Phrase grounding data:
——————————
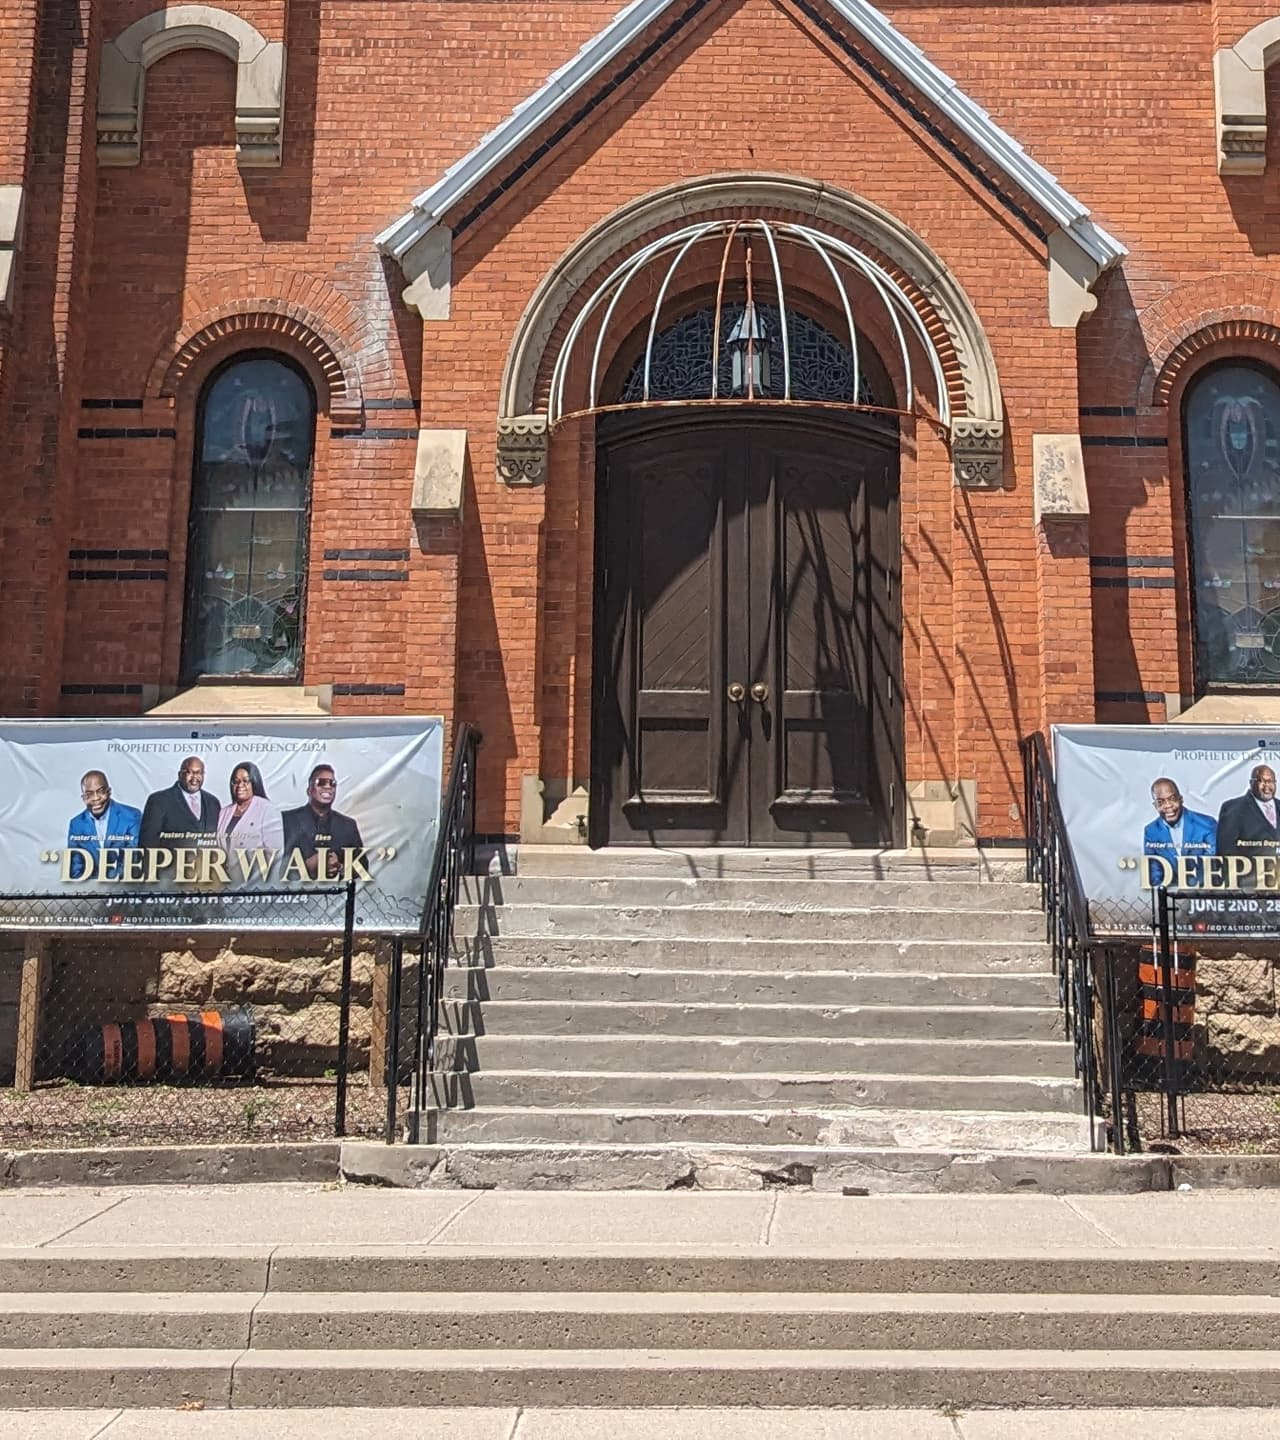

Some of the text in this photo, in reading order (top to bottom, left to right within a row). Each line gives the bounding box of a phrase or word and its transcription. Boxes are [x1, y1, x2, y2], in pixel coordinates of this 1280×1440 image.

[106, 742, 327, 753] PROPHETIC DESTINY CONFERENCE 2024
[1174, 751, 1239, 761] PROPHETIC
[1236, 839, 1261, 847] Pastors
[1188, 899, 1225, 914] JUNE
[1228, 899, 1263, 914] 2ND,
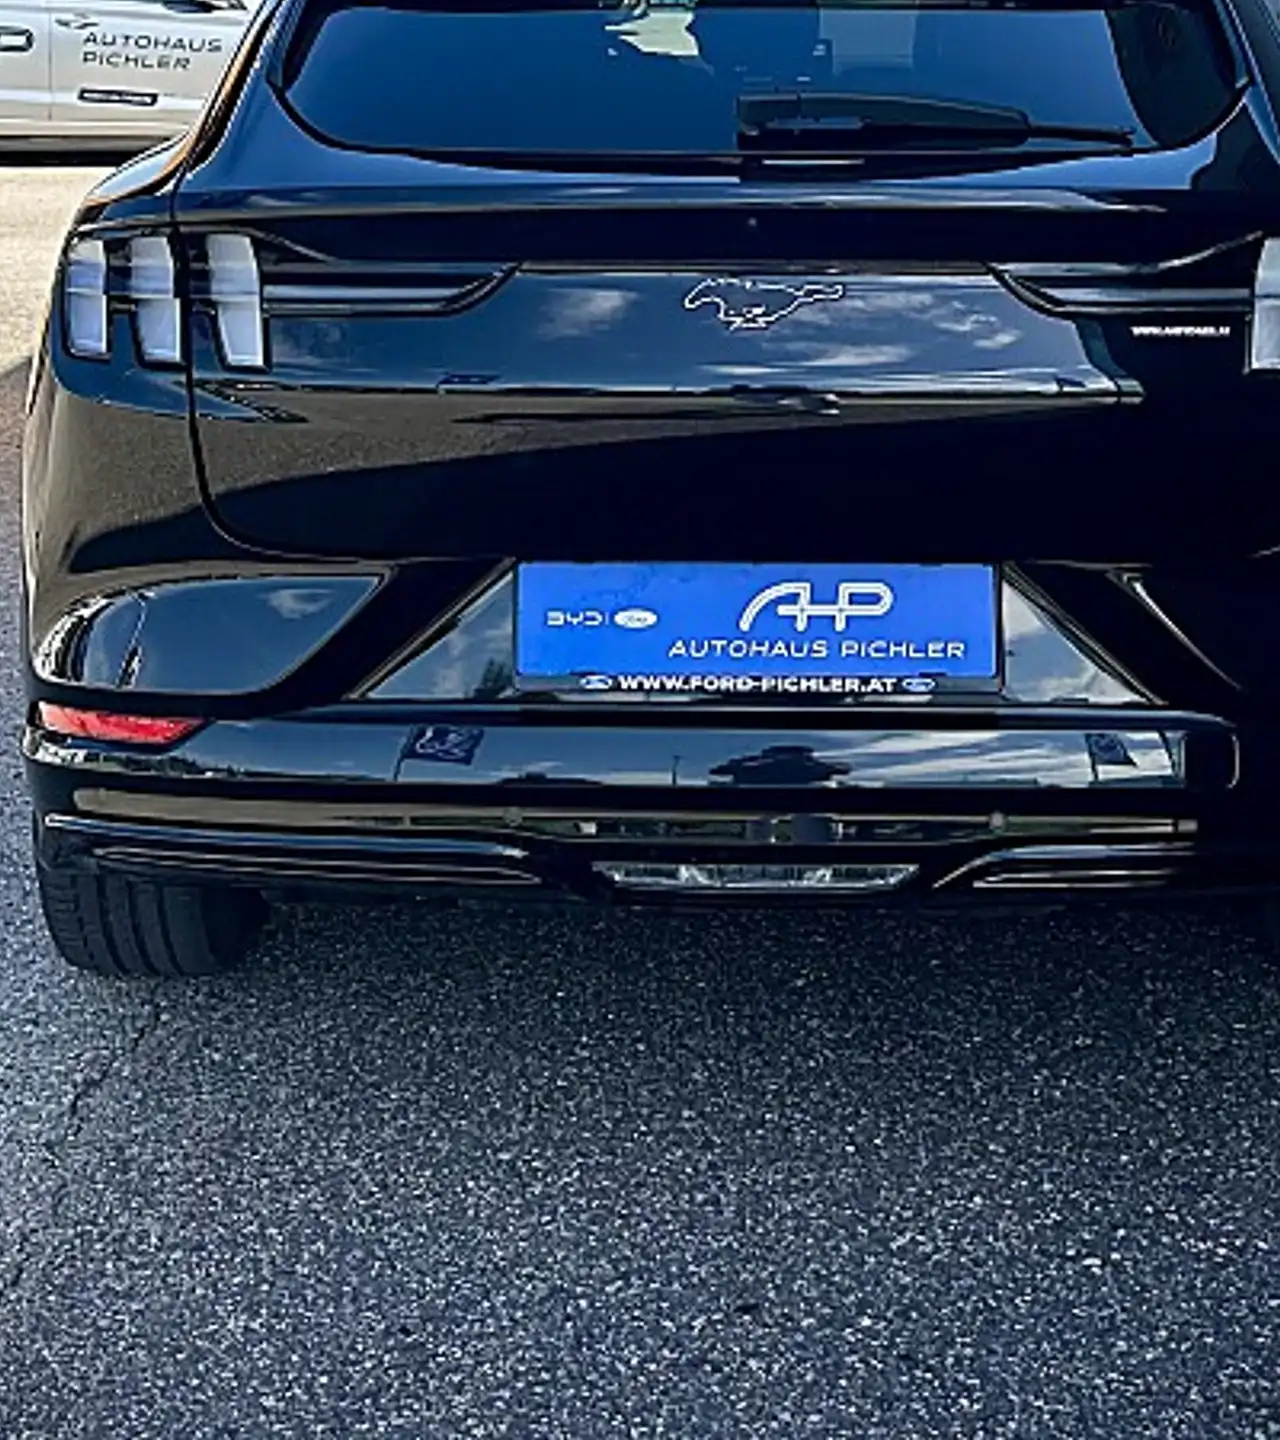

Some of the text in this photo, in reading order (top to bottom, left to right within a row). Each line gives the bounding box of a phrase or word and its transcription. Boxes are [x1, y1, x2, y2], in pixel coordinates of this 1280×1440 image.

[83, 31, 223, 53] AUTOHAUS
[82, 50, 191, 70] PICHLER
[668, 640, 966, 659] AUTOHAUS PICHLER
[618, 675, 897, 693] WWW.FORD-PICHLER.AT
——————————
- **Problem**: An exact copy of the data above is required, printed without its pictures.

- **Answer section**:
Some of the text in this photo, in reading order (top to bottom, left to right within a row). Each line gives the bounding box of a phrase or word and its transcription. Boxes are [x1, y1, x2, y2], in pixel coordinates of this 1280×1440 image.

[106, 742, 327, 753] PROPHETIC DESTINY CONFERENCE 2024
[1174, 751, 1239, 761] PROPHETIC
[1236, 839, 1261, 847] Pastors
[1188, 899, 1225, 914] JUNE
[1228, 899, 1263, 914] 2ND,

Some of the text in this photo, in reading order (top to bottom, left to right within a row). Each line gives the bounding box of a phrase or word and its transcription. Boxes are [x1, y1, x2, y2], in pixel coordinates of this 1280×1440 image.

[83, 31, 223, 53] AUTOHAUS
[82, 50, 191, 70] PICHLER
[668, 640, 966, 659] AUTOHAUS PICHLER
[618, 675, 897, 693] WWW.FORD-PICHLER.AT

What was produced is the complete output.